All they have to do is pull back to be moral.  

Then you won't have a moral dilemma anymore.


----------



## Indeependent (Jun 21, 2020)

Sunsettommy said:


> Not serious enough, he is ignoring my posts completely. I think he is a closet anti- Semite.
> 
> Post 4
> 
> Post 15


Ding is an overt Jew hater.


----------



## Toddsterpatriot (Jun 21, 2020)

ding said:


> Th whole argument about who's land was it is intended to misdirect from the question.  It wasn't Israel's land.  That's all that matters.  They took those lands under the pretense of defending their nation from an imminent attack which is questionable at best.  Their continued occupation can't make that claim.
> 
> So giving it back to the people who occupied it when they took it is the moral thing to do today.  They have no moral argument to continue to occupy it.  All they are proving is the law of capture; the law of might makes right.  It's not a good look.



*It wasn't Israel's land.  *

Whose was it?

*So giving it back to the people who occupied it when they took it is the moral thing to do today.*

Jordan?


----------



## ding (Jun 21, 2020)

Adam did you occupy those territories?

The woman you made for me made me do it.


----------



## Indeependent (Jun 21, 2020)

ding said:


> Rationalizing a wrong as a right was the original sin.


I guess the Catholics will have to move out of Italy.


----------



## irosie91 (Jun 21, 2020)

ding said:


> Th whole argument about who's land was it is intended to misdirect from the question.  It wasn't Israel's land.  That's all that matters.  They took those lands under the pretense of defending their nation from an imminent attack which is questionable at best.  Their continued occupation can't make that claim.
> 
> So giving it back to the people who occupied it when they took it is the moral thing to do today.  They have no moral argument to continue to occupy it.  All they are proving is the law of capture; the law of might makes right.  It's not a good look.



",,,,,, giving it to people who occupied it...."        Jordan 
OCCUPIED IT MILITARILY from  1948 to 1967.    It was NEVER JORDAN LAND.    A truce line is not a  "BORDER"


----------



## ding (Jun 21, 2020)

Indeependent said:


> Ding is an overt Jew hater.


Not at all.  I don't like logic deniers.  

Maybe you can tell me their moral argument for continued occupation because everyone else wants to pretend like those lands were taken for the purpose of reclamation or that they don't know who to give the lands back to.


----------



## Indeependent (Jun 21, 2020)

There is a moral argument for Israel belonging to the Jews.
If the Jews stayed in Europe, the Muslims would have conquered Europe and the US by now because they wouldn't by busy trying to get their asses kicked by so few Jews.


----------



## Toddsterpatriot (Jun 21, 2020)

ding said:


> I just explained it.
> 
> It's like you want to pretend they didn't take land from others.  That's OK, I get it.  Rule of capture and all.



Jordan said they didn't want the land.


----------



## ding (Jun 21, 2020)

Indeependent said:


> I guess the Catholics will have to move out of Italy.


Sure, why not.

But we both know you can't make a moral argument for the continued occupation by Israel.


----------



## ding (Jun 21, 2020)

Toddsterpatriot said:


> Jordan said they didn't want the land.


So there was a transfer of title to Israel?


----------



## ding (Jun 21, 2020)

irosie91 said:


> ",,,,,, giving it to people who occupied it...."        Jordan
> OCCUPIED IT MILITARILY from  1948 to 1967.    It was NEVER JORDAN LAND.    A truce line is not a  "BORDER"


Was it Israel's land?


----------



## Indeependent (Jun 21, 2020)

ding said:


> Self-defense is the primary _just cause_ for war.
> 
> Since Israel initially acted in self-defense—invading the West Bank only after receiving fire from Jordanian troops—the initial 1967 occupation of the West Bank passes the test of _just cause_.
> 
> The case for _just cause_ in the post-1967 occupation is much weaker.

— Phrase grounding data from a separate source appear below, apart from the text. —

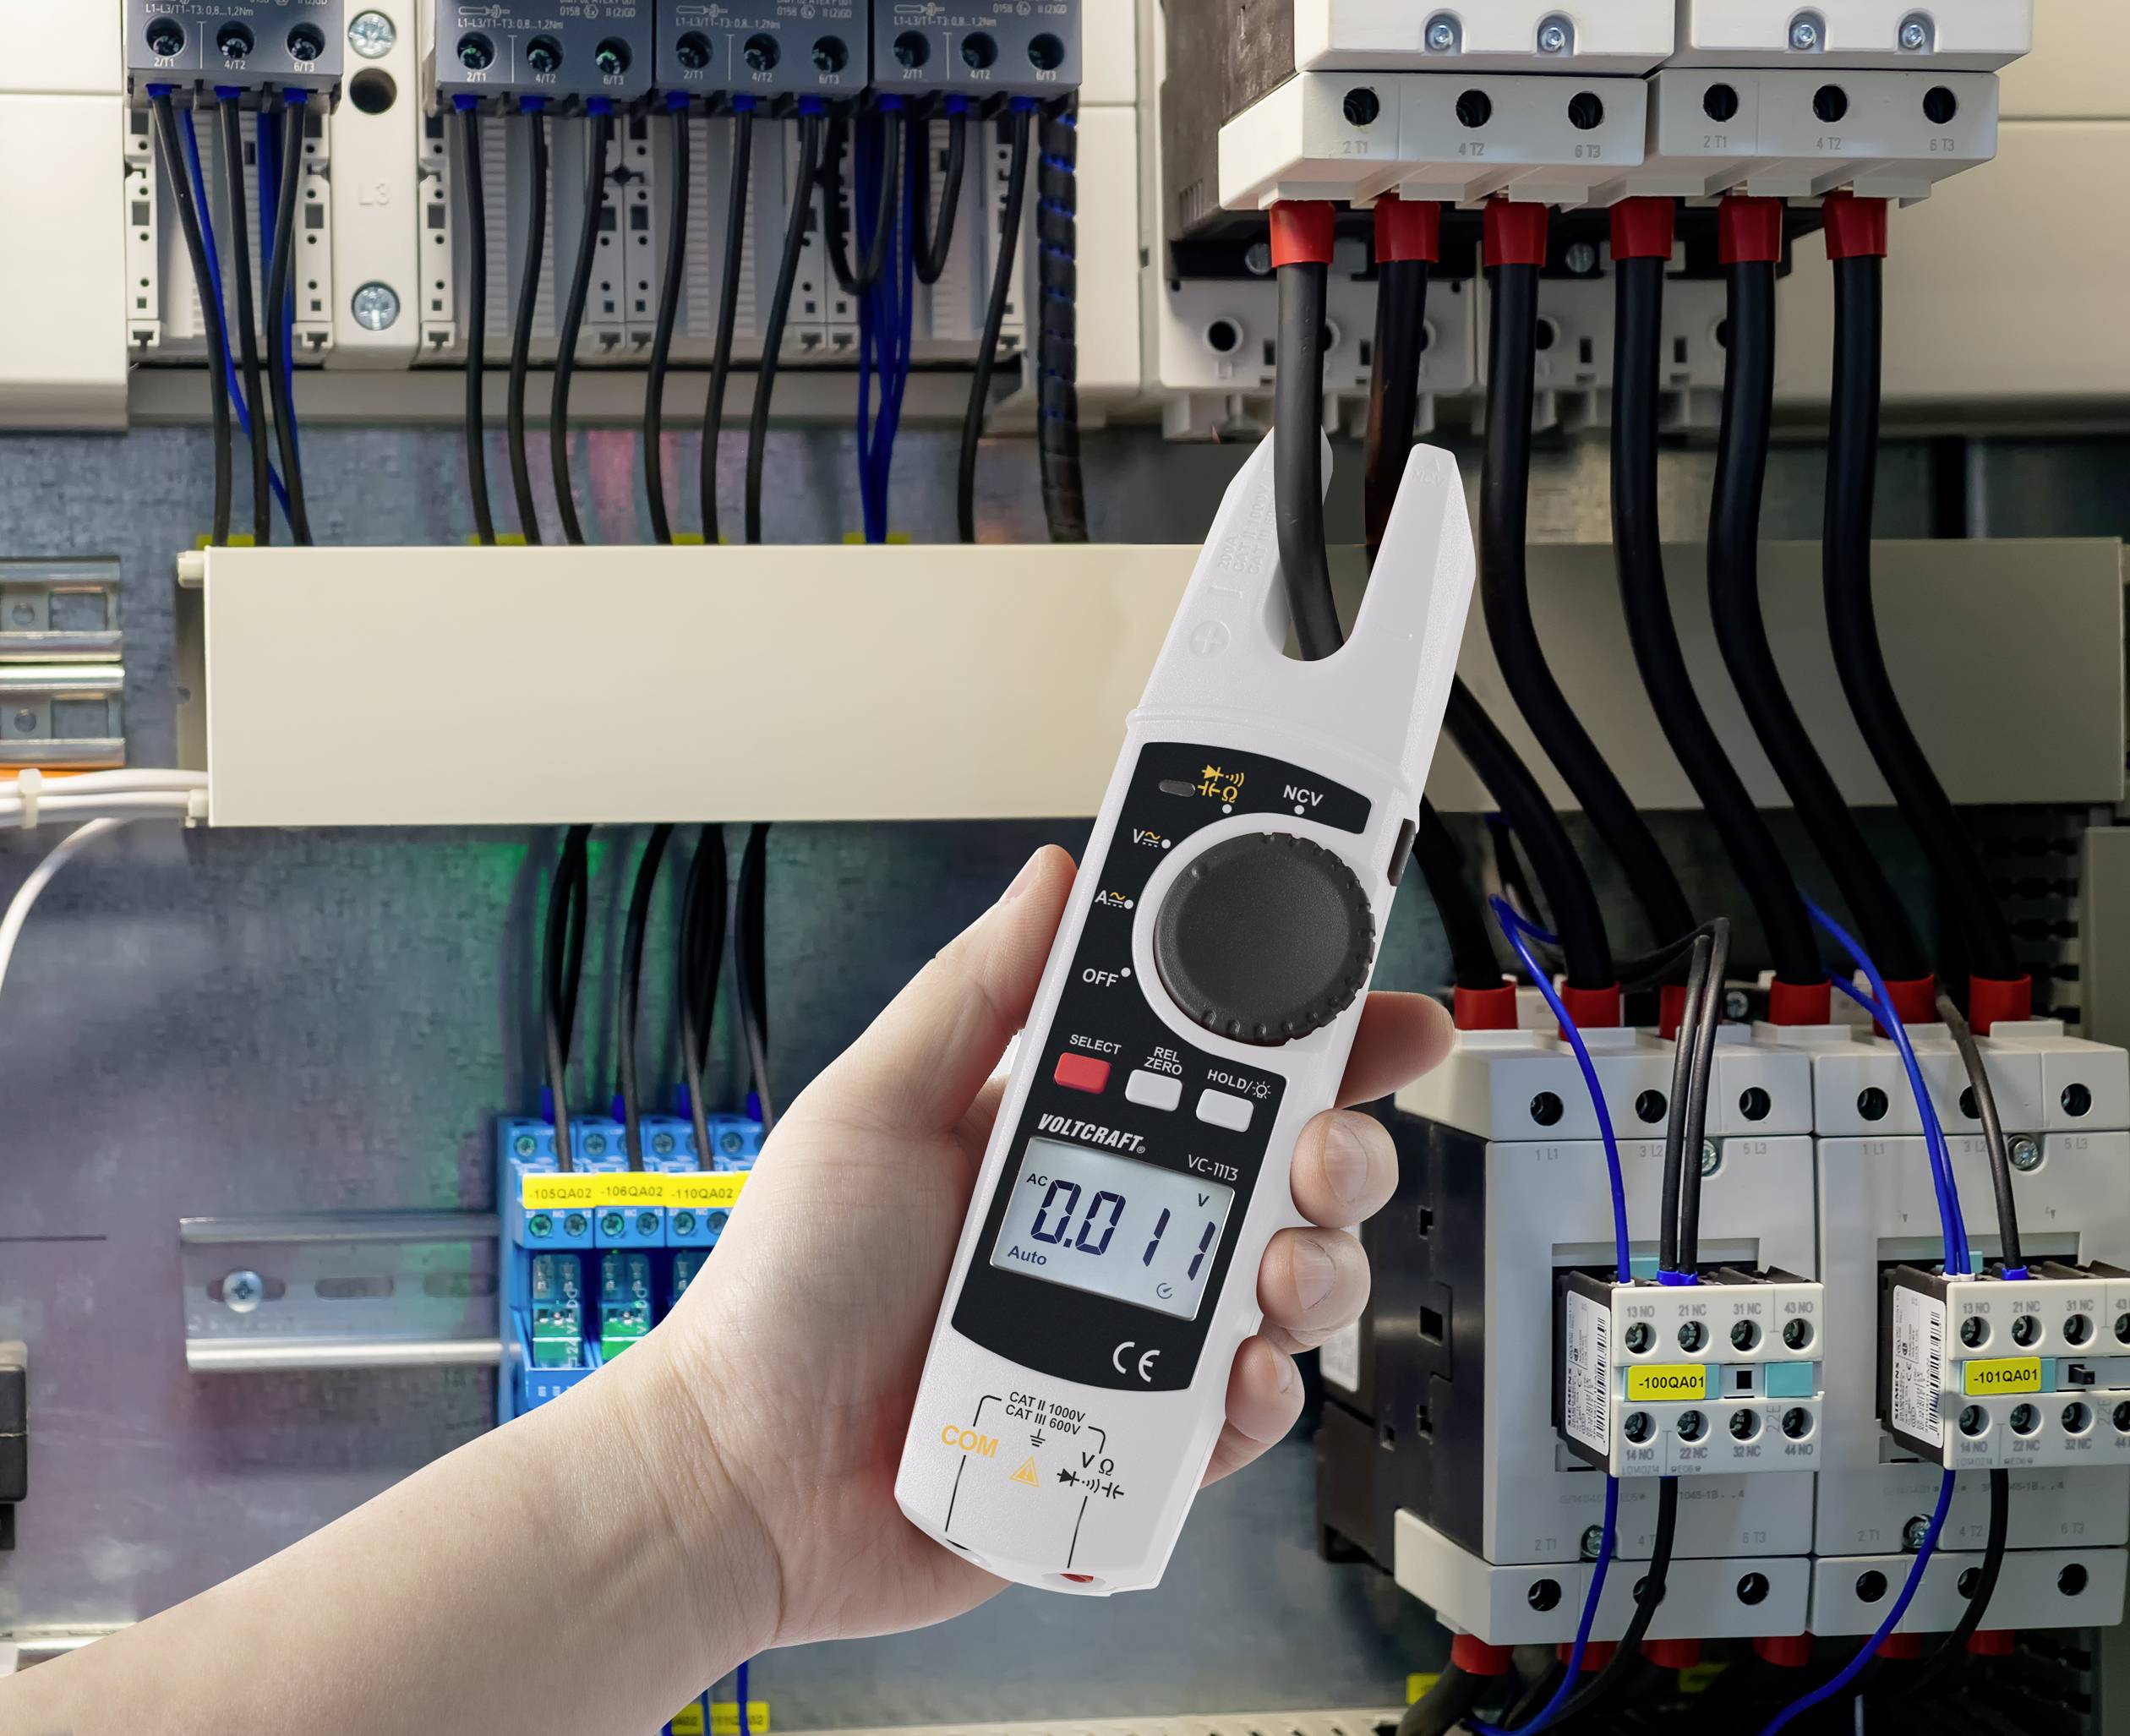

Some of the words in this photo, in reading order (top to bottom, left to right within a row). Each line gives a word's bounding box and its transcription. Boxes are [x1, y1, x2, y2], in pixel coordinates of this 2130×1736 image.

[154, 57, 175, 67] 2/T1
[224, 60, 246, 70] 4/T2
[294, 62, 315, 73] 6/T3
[467, 72, 487, 82] 2/T1
[535, 74, 556, 84] 4/T2
[604, 74, 624, 85] 6/T3
[684, 70, 703, 80] 2/T1
[751, 72, 773, 83] 4/T2
[818, 74, 839, 85] 6/T3
[903, 69, 922, 79] 2/T1
[970, 70, 991, 80] 4/T2
[1035, 70, 1057, 81] 6/T3
[1343, 141, 1352, 154] 2
[1355, 142, 1368, 155] T1
[1704, 135, 1711, 149] 2
[1715, 135, 1727, 149] T1
[1816, 137, 1823, 150] 4
[1828, 137, 1842, 150] T2
[1930, 139, 1937, 151] 6
[1942, 139, 1955, 152] T3
[1458, 143, 1466, 156] 4
[1470, 143, 1484, 156] T2
[1575, 145, 1583, 158] 6
[1587, 145, 1601, 158] T3
[358, 183, 390, 206] L3
[1282, 784, 1324, 807] NCV
[1082, 968, 1119, 987] OFF
[1069, 1034, 1122, 1056] SELECT
[1153, 1046, 1181, 1063] REL
[1144, 1056, 1182, 1075] ZERO
[1755, 1143, 1767, 1154] L3
[2076, 1138, 2088, 1149] L3
[1548, 1148, 1558, 1160] L1
[1652, 1145, 1663, 1157] L2
[1188, 1154, 1239, 1182] VC-1113
[1026, 1173, 1048, 1187] AC
[529, 1187, 592, 1198] -105QA02
[602, 1186, 663, 1197] -106QA02
[671, 1188, 733, 1198] -110QA02
[1198, 1193, 1210, 1207] V
[1030, 1179, 1216, 1281] 0.011
[1007, 1245, 1047, 1265] Auto
[1679, 1305, 1689, 1316] 21
[1691, 1305, 1706, 1316] NC
[1734, 1304, 1745, 1315] 31
[1747, 1303, 1761, 1314] NC
[1784, 1302, 1795, 1313] 43
[1798, 1302, 1813, 1313] NO
[1963, 1303, 1973, 1313] 13
[1975, 1302, 1990, 1313] NO
[2013, 1302, 2024, 1313] 21
[2025, 1302, 2040, 1312] NC
[2067, 1301, 2077, 1311] 31
[2079, 1300, 2094, 1311] NC
[2116, 1299, 2127, 1310] 43
[1626, 1307, 1637, 1318] 13
[1639, 1307, 1655, 1318] NO
[1112, 1341, 1161, 1383] CE
[1974, 1368, 2038, 1384] -101QA01
[1639, 1376, 1705, 1389] -100QA01
[1009, 1391, 1036, 1408] CAT
[1037, 1399, 1046, 1411] II
[1049, 1403, 1086, 1423] 1000V
[1005, 1404, 1032, 1422] CAT
[1034, 1411, 1046, 1426] III
[1049, 1417, 1081, 1436] 600V
[942, 1424, 999, 1458] COM
[1961, 1441, 1971, 1452] 14
[1974, 1440, 1988, 1452] NO
[2013, 1440, 2024, 1451] 22
[2025, 1439, 2040, 1451] NC
[2065, 1438, 2076, 1449] 32
[2078, 1438, 2092, 1449] NC
[1626, 1449, 1637, 1460] 14
[1639, 1449, 1653, 1460] NO
[1679, 1448, 1690, 1459] 22
[1693, 1447, 1707, 1459] NC
[1734, 1446, 1745, 1457] 32
[1747, 1445, 1761, 1457] NC
[1785, 1444, 1796, 1455] 44
[1798, 1444, 1813, 1455] NO
[1082, 1452, 1095, 1469] V
[1753, 1532, 1766, 1543] T3
[1868, 1530, 1880, 1541] T1
[1969, 1526, 1982, 1537] T2
[1545, 1539, 1557, 1550] T1

In the immediate aftermath of the war, U.N. Resolution 242 emphasized the “inadmissibility of the acquisition of territory by war” and called for “withdrawal of Israeli armed forces from territories occupied in the recent conflict.” Instead of complying, Israel unilaterally annexed East Jerusalem and maintained its armed forces throughout the entire West Bank. This action was not a matter of self-defense, since Jordan had cooperated with the U.N. ceasefire and was no longer an immediate threat. Now, fifty years later and especially after the 1994 peace treaty between Israel and Jordan, the country is no longer a threat to Israel. Thus, Israel’s refusal to end the occupation of the West Bank has no _just cause_ inherent to the conditions that led it to initially occupy the territory.


You realize a UN Resolution is how the UN shows it's pissed off and they write a nasty note having no legal bearing except that 3,000,000 Jews kicked 1 billion Arab asses without breaking a sweat.


----------



## ding (Jun 21, 2020)

The OP is still waiting for that moral argument for Israel occupying the Palestine Territory.  

We can assume Israel fought the 1967 War with upstanding intentions of safeguarding its immediate and continued survival. However, evidence suggests that some Israeli commanders operated with the additional motive of land conquest. For example, reports suggest that military leaders asked the U.S. to delay the U.N. ceasefire until they had time to finish conquering the entire West Bank. This action belies an opportunism that puts the question of _right intention_ in doubt.

This doubt grows when we consider how Israel has managed the Occupied Palestine Territory in the years since the war. The immediate annexation of East Jerusalem, including the Old City, reveals a prior intention of gaining and keeping this territory if given the opportunity to do so. The retention of the entire West Bank and the full military control of its borders speaks to similar motives. Most of all, the proliferation and protection of Israeli settlements throughout the West Bank reveal great intentions of land conquest. Whether or not this was the initial plan of the Israeli military, it has been the long-term reality. The land that Palestinians are allowed to live on is being reduced into ever smaller parcels while the Israeli military and settlement presence grows. Thus, the long-term occupation of the West Bank does not meet the standard of _right intention._


----------



## ding (Jun 21, 2020)

Indeependent said:


> You realize a UN Resolution is how the UN shows it's pissed off and they write a nasty note having no legal bearing except that 3,000,000 Jews kicked 1 billion Arab asses without breaking a sweat.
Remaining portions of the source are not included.